Still, it seems difficult to imagine how such a small crew could feed all these animals in a single day. There is just Noah, his wife, their three sons and three daughters-in-law. The "daily" rounds would take years, it seems. Delicacy forbids me from mentioning the problems of the "clean-up" detail, but I would have to say that if the noise of all those animals didn't drive Noah insane (not to mention the insect bites), the smell should have killed him. But, at least they didn't have to worry about water to drink.
Yet, as preposterous as this story seems, there are people who claim they have found Noah's ark. Yes, they say that when the flood receded, there was Noah and his zoo perched upon the top of Mt. Ararat in Turkey. Now, all the animals must be dispersed to the far recesses of the earth: the obverse problem of how Noah collected them in the first place. More problematic, I think is how so many species survived when they had been reduced to just one pair or seven pairs of creatures. Also, you would think that the successful species which had the furthest to travel, would have left a trail of offspring along the way. What evidence is there that all species originated in Turkey? That's what the record should look like, if the ark landed on Ararat.
Still, none of this deters the true believer from maintaining that the story of Noah's ark is the God's truth. Nor does it deter those who think the ark has been found. Some of you may have seen the 1977 pseudo-documentary called "In Search of Noah's Ark" or the CBS special in 1993 entitled, "The Incredible Discovery of Noah's Ark." The first is a work of fiction claiming to be a documentary. The second was masterminded by George Jammal, who admitted that the story was a hoax. Jammal said he wanted to expose religious frauds. His hoax was seen by about 20 million people, most of whom probably still do not know that Jammal did not want them to take it seriously.
During his show, Jammal produced what he called "sacred wood" from the ark, which he later admitted was wood taken from railroad tracks in Long Beach, California, which he had hardened by cooking in an oven. He also prepared other fake wood by frying a piece of California pine on his kitchen stove in a mix of wine, iodine, sweet-and-sour and teriyaki sauces. He also admitted that he had never been to Turkey. The program was produced by Sun International Pictures, based in Salt Lake City, and responsible for several pseudo-documentaries on Nostradamus, the Bermuda Triangle, the Shroud of Turin, and UFOs.

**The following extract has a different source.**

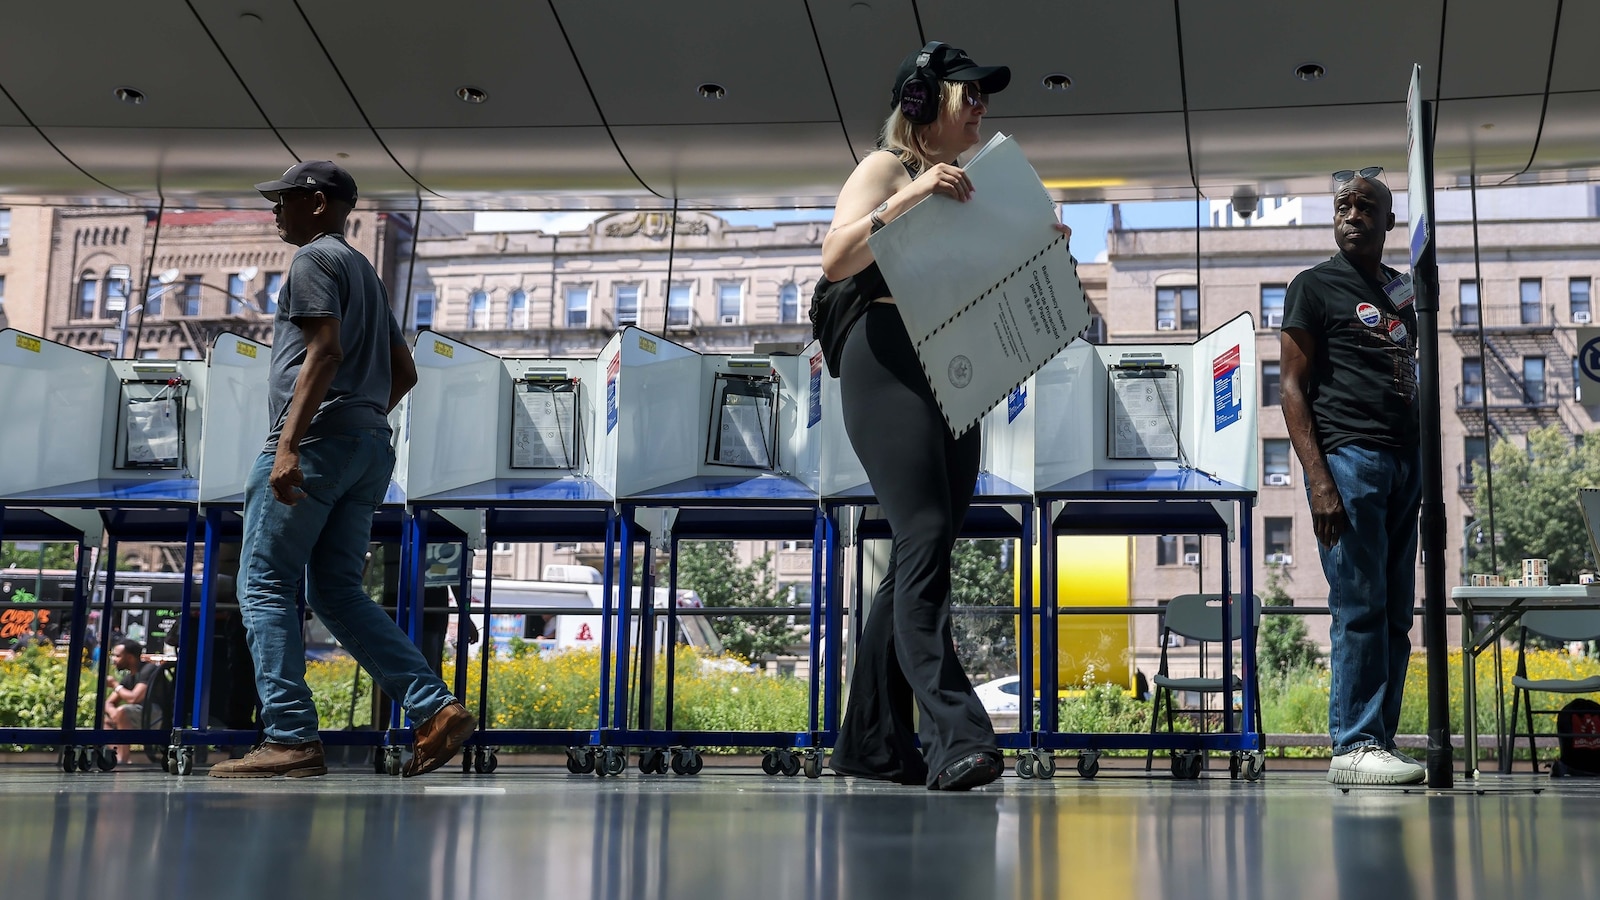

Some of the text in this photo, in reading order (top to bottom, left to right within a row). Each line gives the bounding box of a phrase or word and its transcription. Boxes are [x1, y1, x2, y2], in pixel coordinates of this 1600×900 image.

[1033, 270, 1060, 339] Carpeta de Privacidad
[1038, 306, 1050, 334] Papeleta
[1042, 265, 1066, 331] Ballot Privacy Sleeve
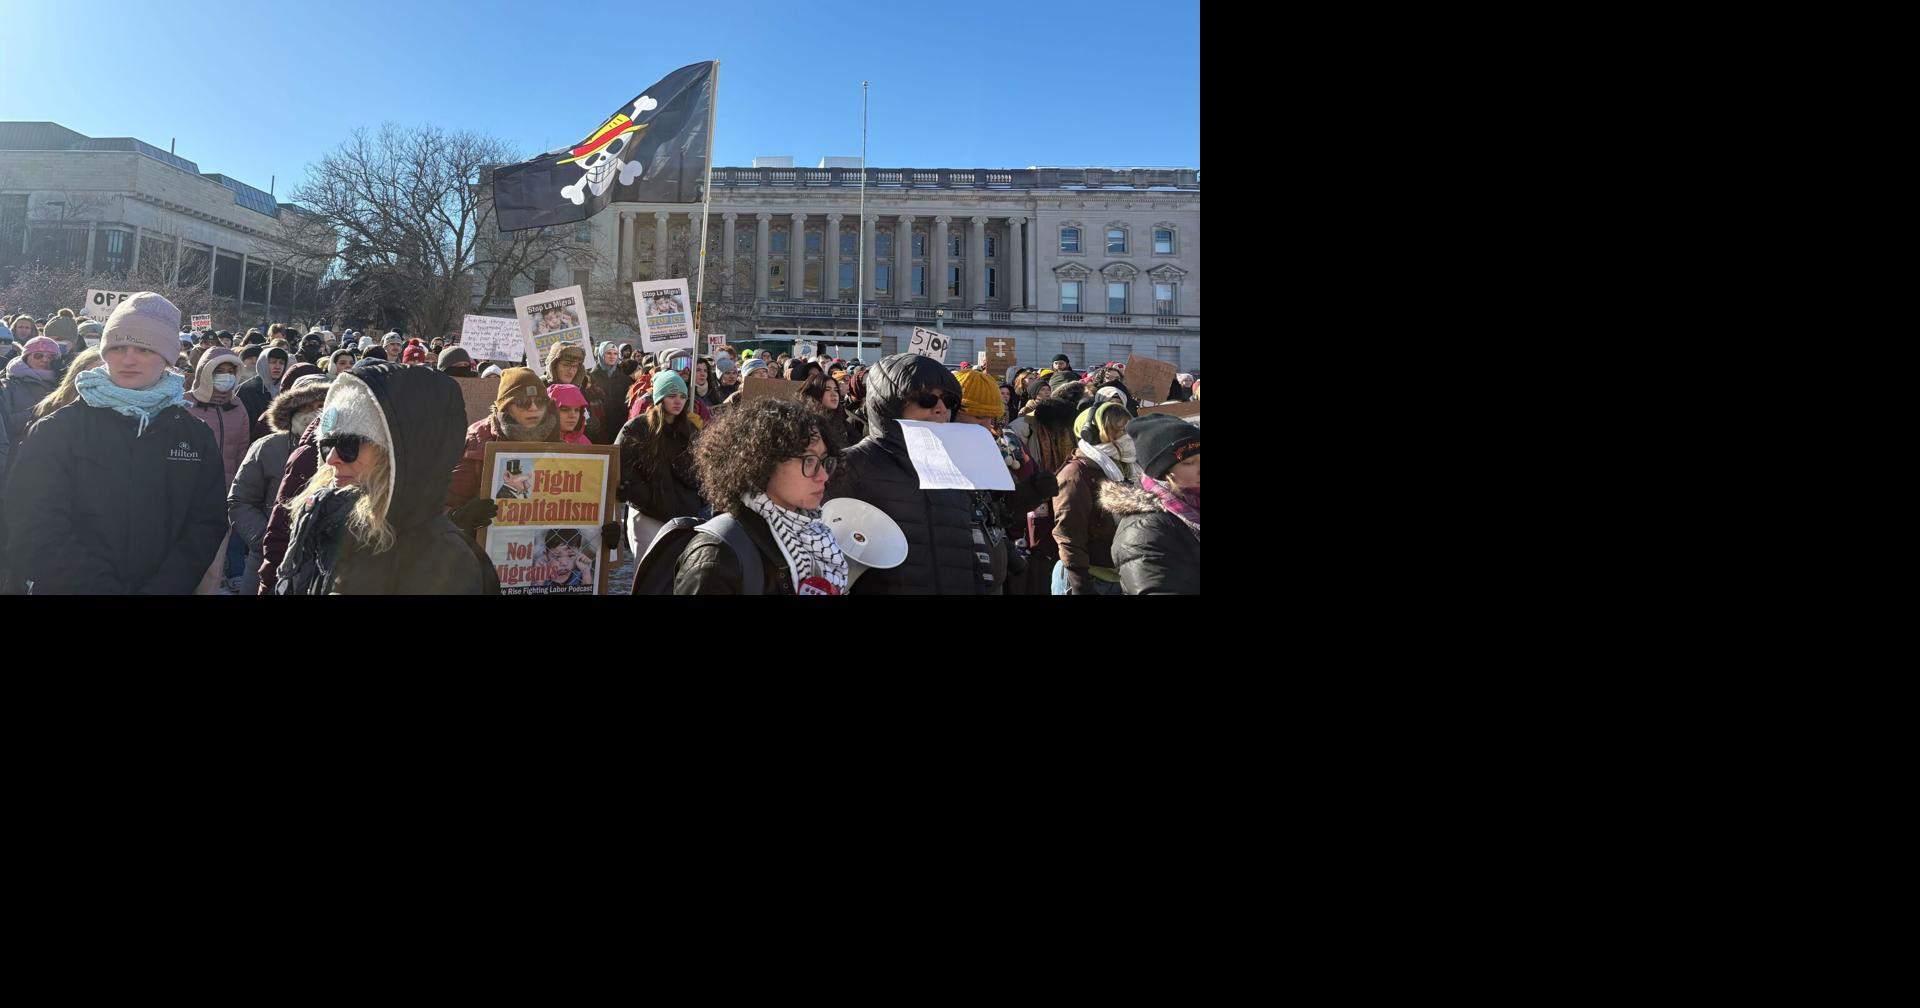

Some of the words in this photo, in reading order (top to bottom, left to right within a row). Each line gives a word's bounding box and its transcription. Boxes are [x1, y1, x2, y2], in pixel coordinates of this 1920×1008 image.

What I would really like to see, though, is a documentary done by creation
scientists where they rebuild the ark and show us all how it was done.
Cerone, Daniel, "Admitting 'Noah's Ark' Hoax," Los Angeles Times, October 30,1993, p. F-1.
Feder, Kenneth L. Frauds, Myths and Mysteries - Science and Pseudoscience in Archaeology (Mountain View, California: Mayfield Publishing Compnay, 1990).
Moore, Robert A. "The impossible voyage of Noah's ark," Creation/Evolution 11:1-43.
Plimer, Ian. Telling Lies for God (Random House, 1994).